Populator

To clone the finished code for this part of the tutorial, run the following command:

git clone git@github.com:SpoonX/wetland-tutorial.git -b 12-populator --single-branch

To clone the base code for this part of the tutorial, run the following command:

git clone git@github.com:SpoonX/wetland-tutorial.git -b 11-joins --single-branch

Github: Diff for this part of the tutorial - Full repository on github

In this final step of the tutorial we'll be looking at a tool provided by Wetland: The Populator

Theory time

The populator is a tool that allows you to convert (nested) object literals into entity instances, or "patch" an existing set of entities. This is useful when building APIs, where you'll want to create entities from the data posted to your server, or update existing entity instances.

The Populator requires a Scope, so it can use the available IdentityMap for performance optimizations and proper linking based on provided identifiers.

Assign

Assign simply assigns the data to whatever base was provided. If no base was provided, a new entity, or array will be created.

Create

Using assign without a base will return a new entity (or array) with provided data assigned.

Simple

Assigns one single layer, and single relations.

const User = require('./entity/User');

let scope     = wetland.getManager();
let data      = {username: 'Frank', email: 'frank@provider.tld'};
let populator = wetland.getPopulator(scope);
let populated = populator.assign(User, data);  // Assign data
Nested n levels

Will nest n levels, and ignore the remaining depth.
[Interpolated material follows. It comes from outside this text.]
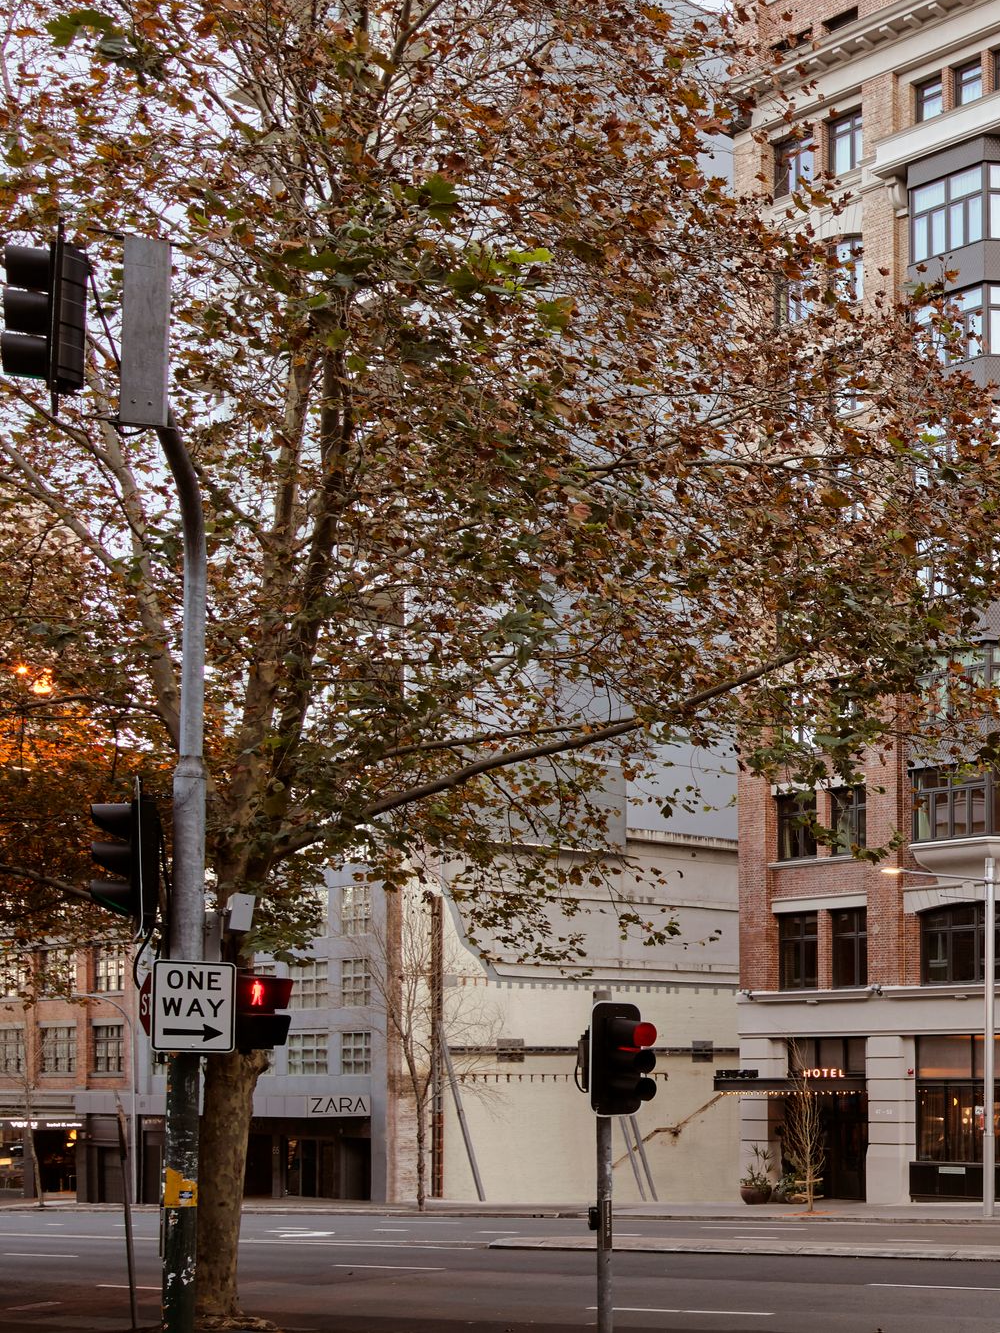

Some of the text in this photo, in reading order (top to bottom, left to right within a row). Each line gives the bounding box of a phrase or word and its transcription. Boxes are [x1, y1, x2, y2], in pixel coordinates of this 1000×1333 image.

const User = require('./entity/User');

let scope     = wetland.getManager();
let data      = {username: 'Frank', email: 'frank@provider.tld', profile: {avatar: {}}};
let populator = wetland.getPopulator(scope);
let populated = populator.assign(User, data, null, 2);
Nested infinite levels

Nests as long as it finds relations.

const User = require('./entity/User');

let scope     = wetland.getManager();
let data      = {username: 'Frank', email: 'frank@provider.tld'};
let populator = wetland.getPopulator(scope);
let populated = populator.assign(User, data, null, true);

Note: be careful with circular relations.

Don't nest

Only populate properties on given entity, and ignore all relations.

const User = require('./entity/User');

let scope     = wetland.getManager();
let data      = {username: 'Frank', email: 'frank@provider.tld'};
let populator = wetland.getPopulator(scope);
let populated = populator.assign(User, data, null, false);

Update

To update, meaning, patch existing entity instances with new data, simply provide the base. The rest of the method is the same as above examples.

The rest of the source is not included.